● BRIEF
Write out all of the entries that follow, word for word, but skip the pictures.

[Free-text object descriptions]
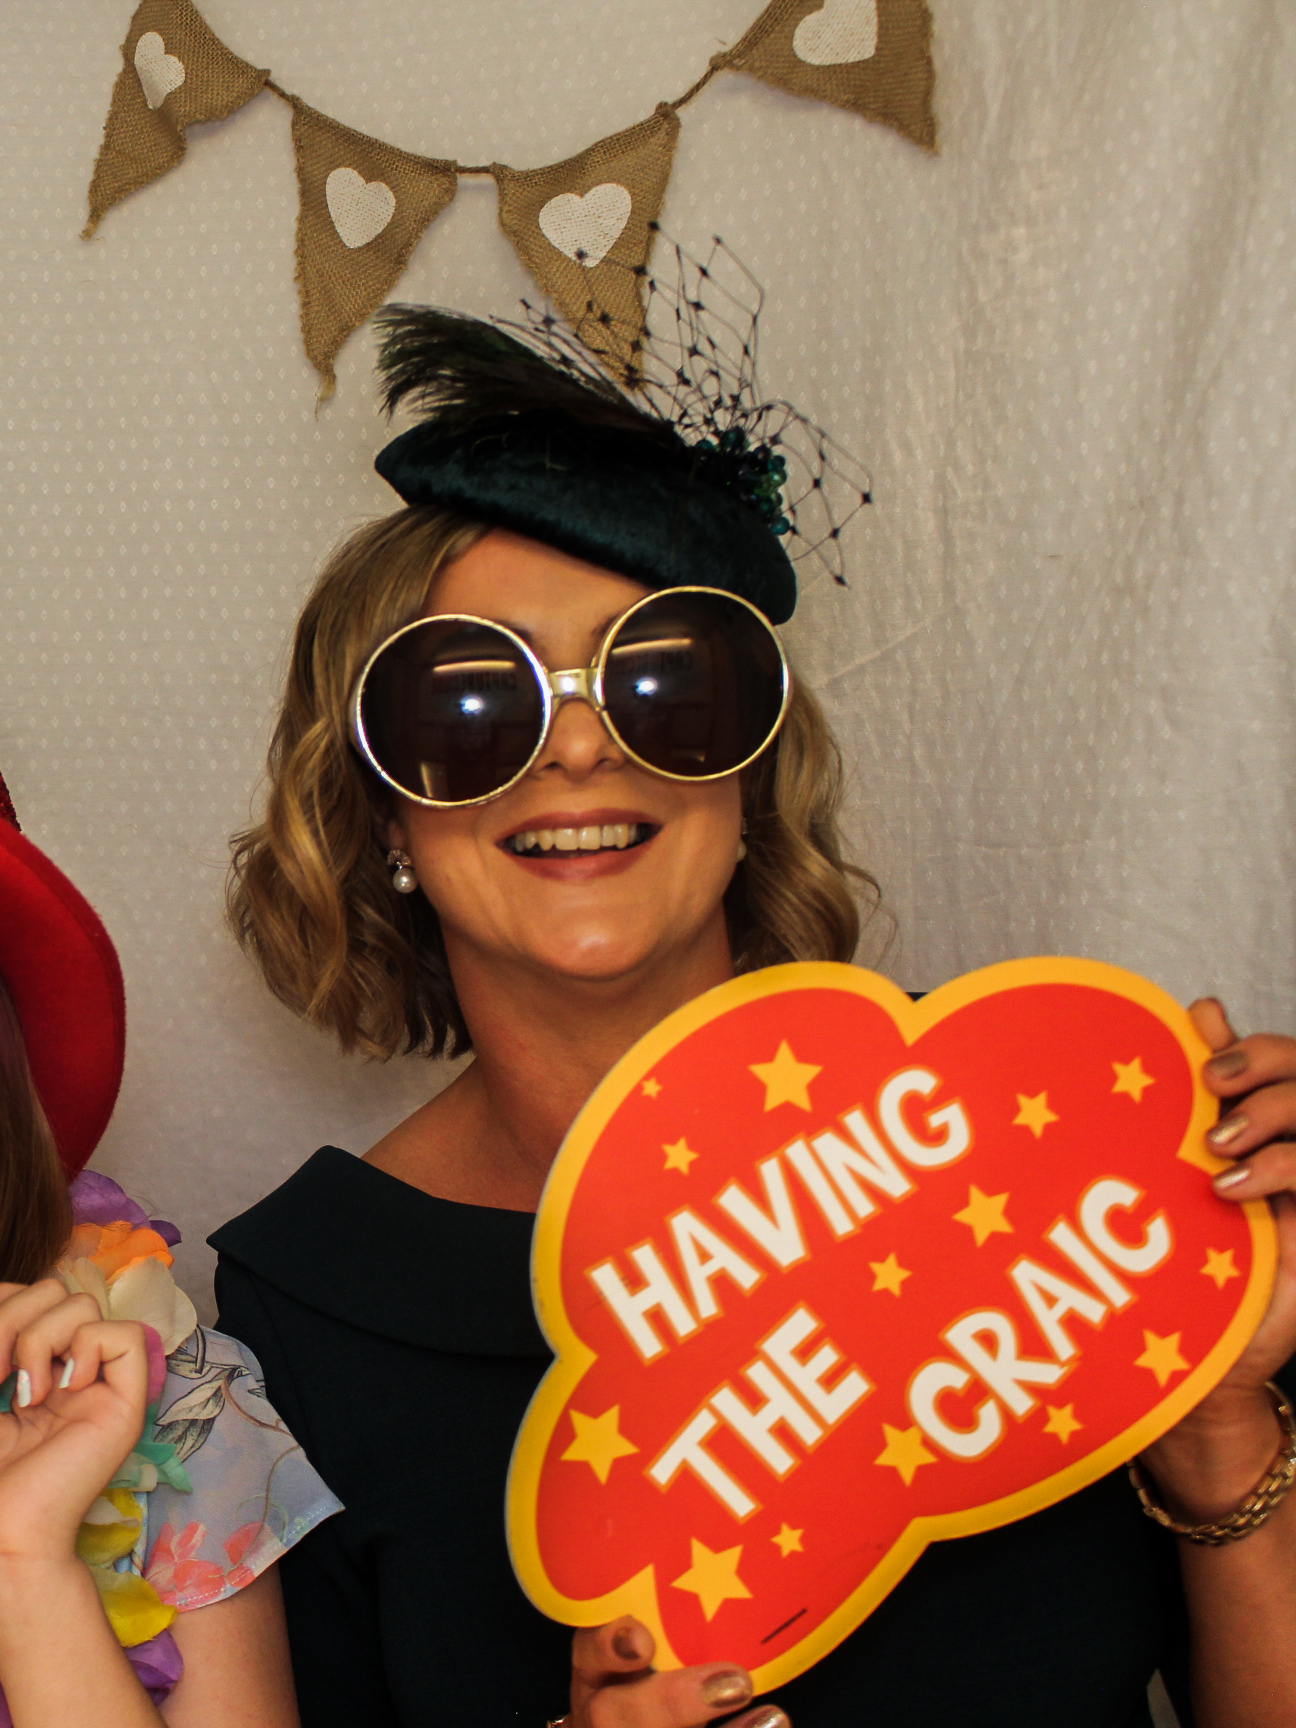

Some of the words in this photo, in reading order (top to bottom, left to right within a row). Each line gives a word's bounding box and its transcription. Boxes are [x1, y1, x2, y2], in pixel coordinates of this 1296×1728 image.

[590, 1069, 971, 1359] HAVING
[649, 1307, 871, 1518] THE
[909, 1179, 1171, 1458] CRAIC
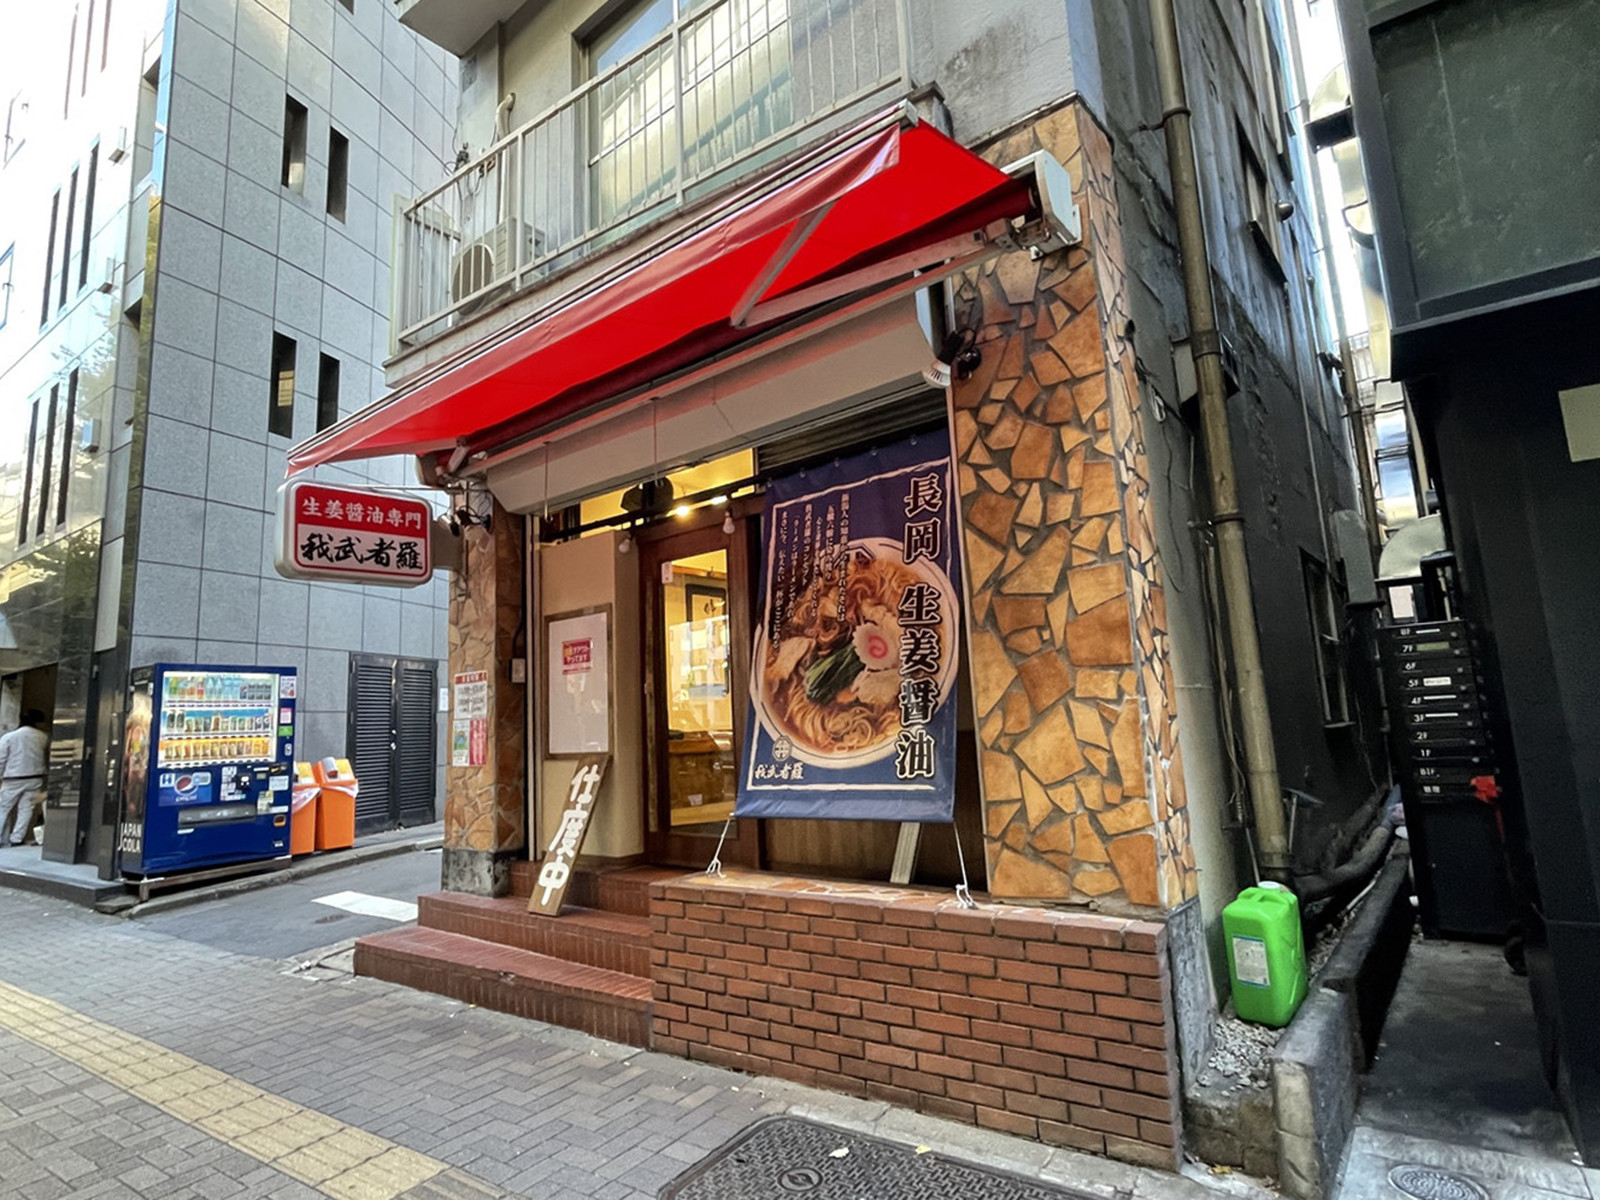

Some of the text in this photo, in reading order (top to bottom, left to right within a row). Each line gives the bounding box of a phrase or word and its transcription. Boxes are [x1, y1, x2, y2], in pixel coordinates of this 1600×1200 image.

[903, 472, 942, 564] 長岡
[300, 532, 423, 570] 我武者羅
[1405, 662, 1416, 670] 6F
[1408, 679, 1418, 687] 5F
[1411, 696, 1422, 704] 4F
[1414, 713, 1425, 722] 3F
[1416, 731, 1428, 740] 2F
[1420, 749, 1431, 757] 1F
[538, 764, 601, 906] 仕度中
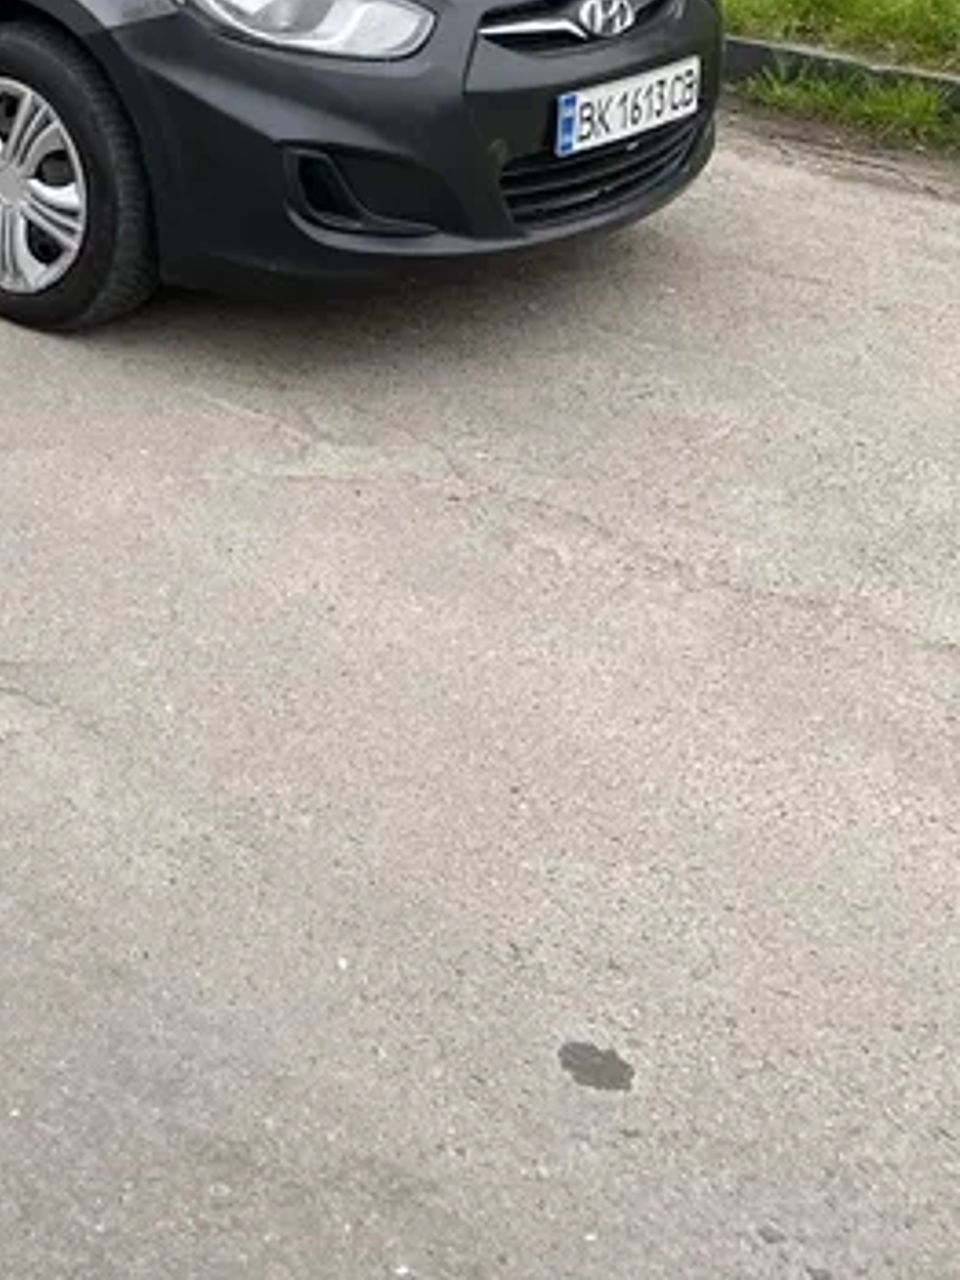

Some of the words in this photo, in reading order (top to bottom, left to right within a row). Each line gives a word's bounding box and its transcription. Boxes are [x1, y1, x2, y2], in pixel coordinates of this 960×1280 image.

[578, 96, 613, 141] BK
[616, 80, 667, 129] 1613
[671, 68, 696, 111] CB
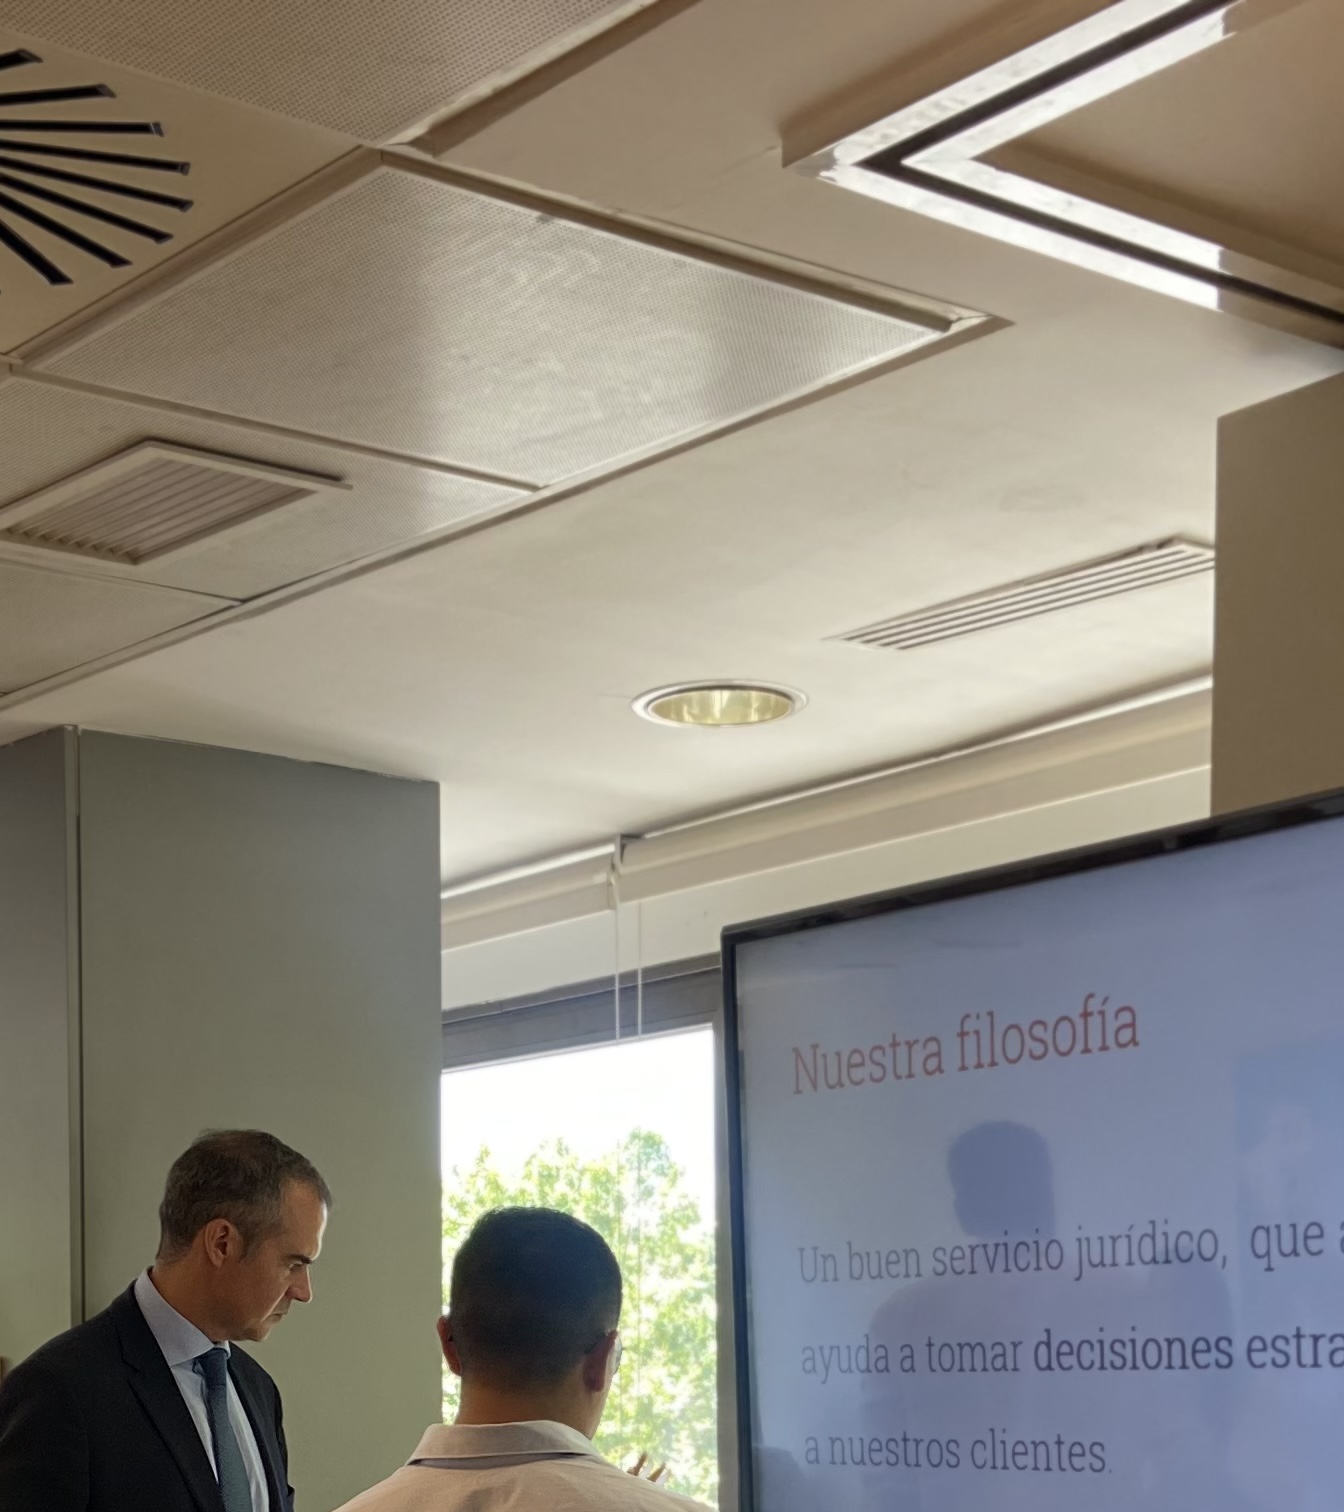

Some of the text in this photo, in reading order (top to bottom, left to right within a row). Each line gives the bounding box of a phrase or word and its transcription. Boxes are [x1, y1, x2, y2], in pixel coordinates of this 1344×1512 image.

[792, 993, 1140, 1095] Nuestra filosofía
[797, 1244, 840, 1284] Un
[847, 1240, 923, 1283] buen
[931, 1228, 1065, 1277] servicio
[1072, 1218, 1230, 1283] jurídico,
[1249, 1216, 1325, 1273] que
[801, 1332, 892, 1386] ayuda
[898, 1342, 918, 1375] a
[925, 1332, 1024, 1374] tomar
[1033, 1325, 1235, 1373] decisiones
[804, 1433, 822, 1466] a
[828, 1429, 962, 1469] nuestros

● SOLUTION TO THE PROBLEM
Some of the words in this photo, in reading order (top to bottom, left to right within a row). Each line gives a word's bounding box and its transcription. Boxes are [x1, y1, x2, y2], in pixel coordinates of this 1296×1728 image.

[590, 1069, 971, 1359] HAVING
[649, 1307, 871, 1518] THE
[909, 1179, 1171, 1458] CRAIC

Some of the text in this photo, in reading order (top to bottom, left to right within a row). Each line gives the bounding box of a phrase or word and its transcription. Boxes are [x1, y1, x2, y2], in pixel coordinates of this 1600×1200 image.

[903, 472, 942, 564] 長岡
[300, 532, 423, 570] 我武者羅
[1405, 662, 1416, 670] 6F
[1408, 679, 1418, 687] 5F
[1411, 696, 1422, 704] 4F
[1414, 713, 1425, 722] 3F
[1416, 731, 1428, 740] 2F
[1420, 749, 1431, 757] 1F
[538, 764, 601, 906] 仕度中

Some of the words in this photo, in reading order (top to bottom, left to right within a row). Each line gives a word's bounding box and its transcription. Boxes are [x1, y1, x2, y2], in pixel coordinates of this 960×1280 image.

[578, 96, 613, 141] BK
[616, 80, 667, 129] 1613
[671, 68, 696, 111] CB

Some of the text in this photo, in reading order (top to bottom, left to right within a row). Each line gives the bounding box of a phrase or word and its transcription. Boxes are [x1, y1, x2, y2], in pixel coordinates of this 1344×1512 image.

[792, 993, 1140, 1095] Nuestra filosofía
[797, 1244, 840, 1284] Un
[847, 1240, 923, 1283] buen
[931, 1228, 1065, 1277] servicio
[1072, 1218, 1230, 1283] jurídico,
[1249, 1216, 1325, 1273] que
[801, 1332, 892, 1386] ayuda
[898, 1342, 918, 1375] a
[925, 1332, 1024, 1374] tomar
[1033, 1325, 1235, 1373] decisiones
[804, 1433, 822, 1466] a
[828, 1429, 962, 1469] nuestros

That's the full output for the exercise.